September 13, 2004
Tivo-Netflix and Some Legal Questions
Rafat Ali dropped me a line with a question about the Tivo-Netflix deal. Pointing to this post by Jeremy Allaire, he wanted to know about how first sale might affect licensing for online movies. Here’s my response:
Good question. 17 USC 109 (the first sale doctrine) is even stronger for movies. Music and computer programs have limitations regarding rental; movies (and books) have no such limitations. While some video stores (e.g., Blockbuster) have entered into licensing and revenue agreements with the studios, any video store can simply buy copies of DVDs and rent/sell them to customers without getting the approval of copyright holders.
However, Jeremy is basically right in his statement: they can’t just take the content off of the DVDs and put it online. Just like we discussed with eBay, first sale only applies to the distribution right, and it only applies to lawfully made copies. Putting the songs online would implicate the right to copy, and the only clearly lawfully made copy is the DVD that Netflix owns. Also, distributing the movies via streams might implicate the public performance right.
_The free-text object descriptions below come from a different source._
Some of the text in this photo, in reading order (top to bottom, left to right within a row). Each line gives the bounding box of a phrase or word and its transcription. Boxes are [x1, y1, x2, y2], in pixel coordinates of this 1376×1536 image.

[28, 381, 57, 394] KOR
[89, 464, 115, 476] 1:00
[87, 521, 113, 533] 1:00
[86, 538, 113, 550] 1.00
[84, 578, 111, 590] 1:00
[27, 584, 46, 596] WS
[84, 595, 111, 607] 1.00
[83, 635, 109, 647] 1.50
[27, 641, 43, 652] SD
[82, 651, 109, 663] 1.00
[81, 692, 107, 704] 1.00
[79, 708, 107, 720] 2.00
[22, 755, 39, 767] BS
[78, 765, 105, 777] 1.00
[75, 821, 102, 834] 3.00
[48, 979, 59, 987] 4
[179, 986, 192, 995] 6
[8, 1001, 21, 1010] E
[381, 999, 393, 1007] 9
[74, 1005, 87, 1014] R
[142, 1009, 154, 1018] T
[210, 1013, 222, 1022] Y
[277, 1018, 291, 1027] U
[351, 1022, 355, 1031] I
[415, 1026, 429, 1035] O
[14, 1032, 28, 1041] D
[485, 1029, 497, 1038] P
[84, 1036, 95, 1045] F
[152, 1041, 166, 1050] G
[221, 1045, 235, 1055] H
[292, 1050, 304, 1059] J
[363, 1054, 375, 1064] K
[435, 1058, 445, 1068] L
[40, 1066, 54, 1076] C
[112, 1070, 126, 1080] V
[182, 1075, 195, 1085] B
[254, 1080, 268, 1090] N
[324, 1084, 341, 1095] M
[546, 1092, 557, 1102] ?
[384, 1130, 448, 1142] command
As we have seen in the music industry, these definitional issues (copying v. distribution v. performance) can be a huge drag on license negotiations. Just as the first sale doctrine protected rental outlets in the analog world, the mechanical compulsory aided distributors of music. For the digital world, Harry Fox Agency, the record labels, and online distributors have long fought over what requires a mechanical and what falls under the compulsory. See the Section 115 hearing testimony.
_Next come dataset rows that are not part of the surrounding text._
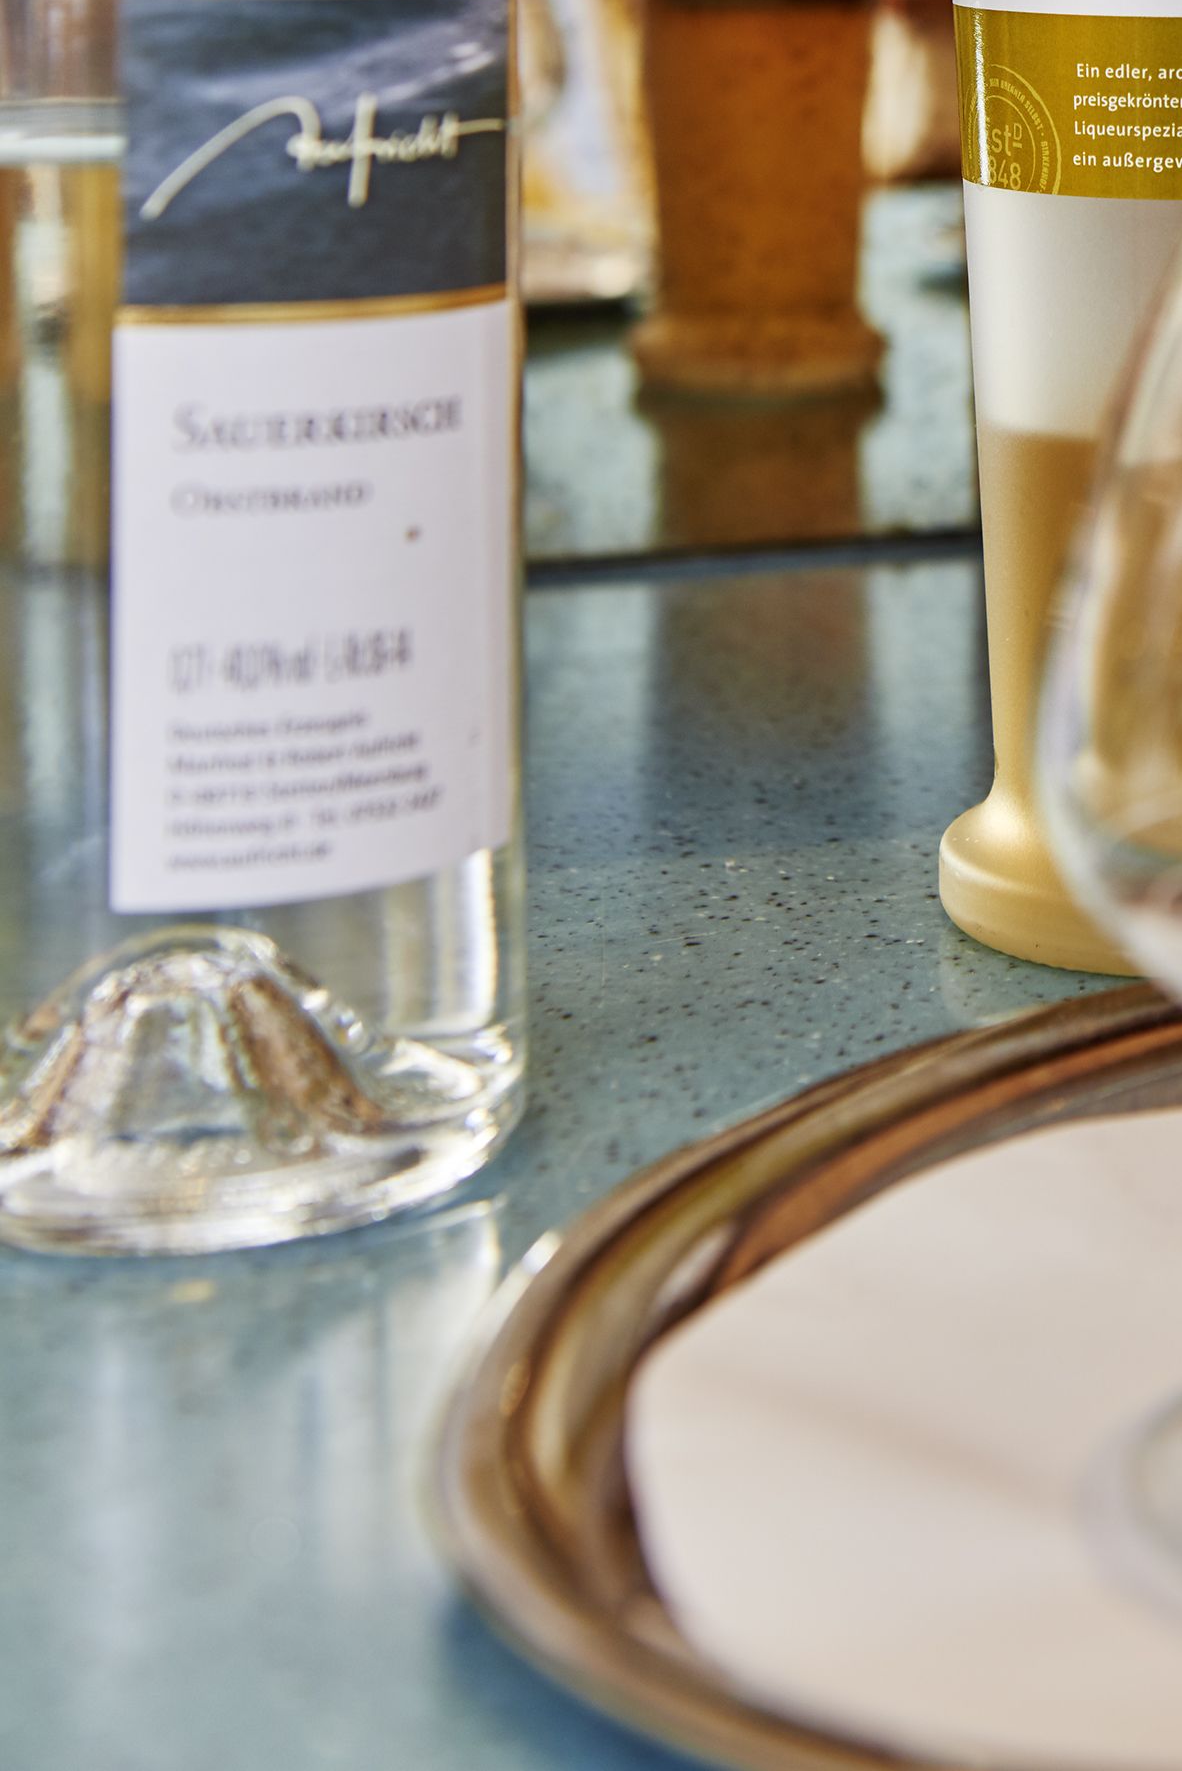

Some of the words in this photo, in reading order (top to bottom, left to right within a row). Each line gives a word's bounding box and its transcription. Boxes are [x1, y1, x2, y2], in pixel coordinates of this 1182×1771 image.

[1076, 63, 1100, 78] Ein
[1105, 63, 1152, 81] edler,
[1073, 152, 1097, 166] ein
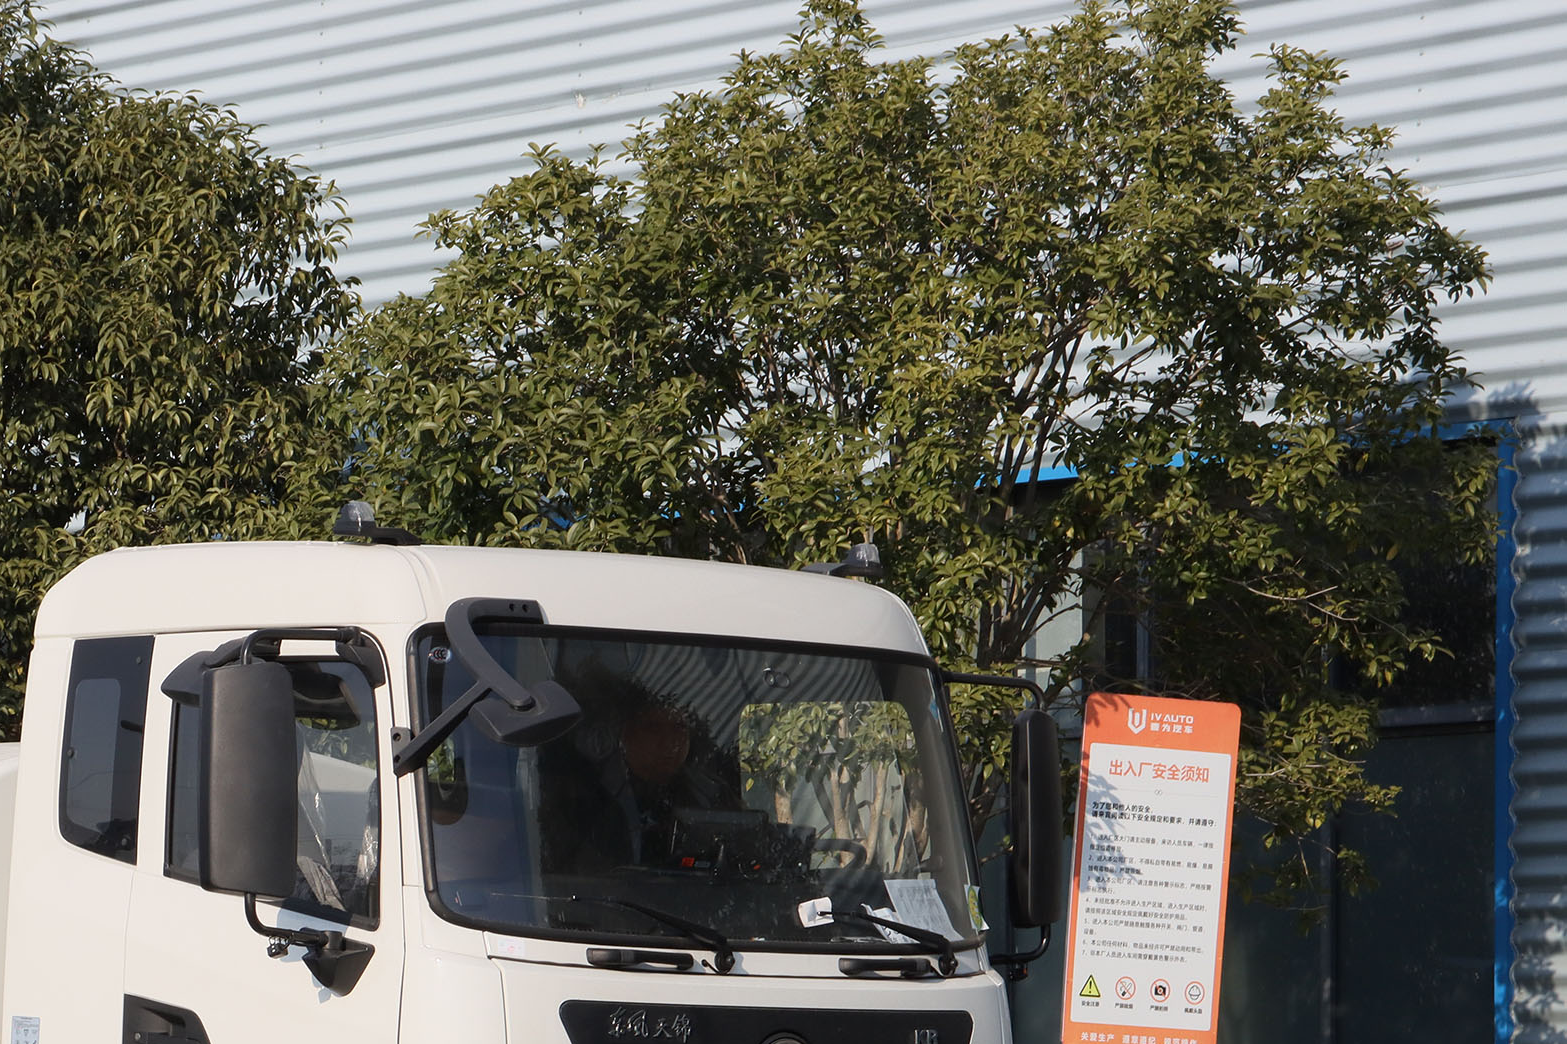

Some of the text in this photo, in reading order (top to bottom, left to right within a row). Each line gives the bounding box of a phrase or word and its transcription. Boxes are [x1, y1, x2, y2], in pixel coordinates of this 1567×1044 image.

[1163, 714, 1194, 724] AUTO
[1109, 760, 1210, 783] 出入厂安全须知
We’ve seen some licensing problems with the online movie industry. Beyond the anti-trust suit against Movielink, see the Video Pipeline case, in which a licensed distributor of movie trailers was barred from putting those same trailers online.
Filed by Derek Slater at 7:13 pm under General news
1 Comment

Derek has posted one of the most accurate and succinct statements on this issue that I have seen. A lot of professionals have gotten mixed up when it comes to Section 109 and digitally delivered works. When works are offered for download, they are not being distributed; they are being offered for reproduction. When works are offered for streaming, they are not being distributed; they are being offered as public performances.
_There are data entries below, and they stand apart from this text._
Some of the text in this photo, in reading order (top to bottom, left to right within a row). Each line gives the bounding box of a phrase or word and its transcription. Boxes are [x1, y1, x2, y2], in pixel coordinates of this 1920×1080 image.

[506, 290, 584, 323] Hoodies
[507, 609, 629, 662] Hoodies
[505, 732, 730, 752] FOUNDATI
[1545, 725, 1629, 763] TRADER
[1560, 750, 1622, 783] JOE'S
Despite Derek’s accurate explanation and admonition about the difference between a distribution and a public performance, I was amused to find one slip of the tongue: “distributing the movies via streams might implicate the public performance right.” This particular use of the term “distributing” was obviously meant in the broad sense of the term (“disseminating”?) and not in the Copyright Act’s sense of the “distribution right” which, as Derek points out, only applies to tangible copies.
This illustrates the fact that even persons well versed in copyright law have trouble speaking “in plain English” when the best term for general discourse may be a term that is narrowly defined under the Copyright Act.
The Ninth Circuit blurred this distinction when it declared in the Napster decision that the distribution right was implicated by p2p reproductions. While it is pretty obvious that the Court wasn’t thinking it through or referring back to the definition of the distribution right in Section 106(3) of the Copyright Act, which cannot possibly include p2p reproductions, its faux pas has contributed to the confusion.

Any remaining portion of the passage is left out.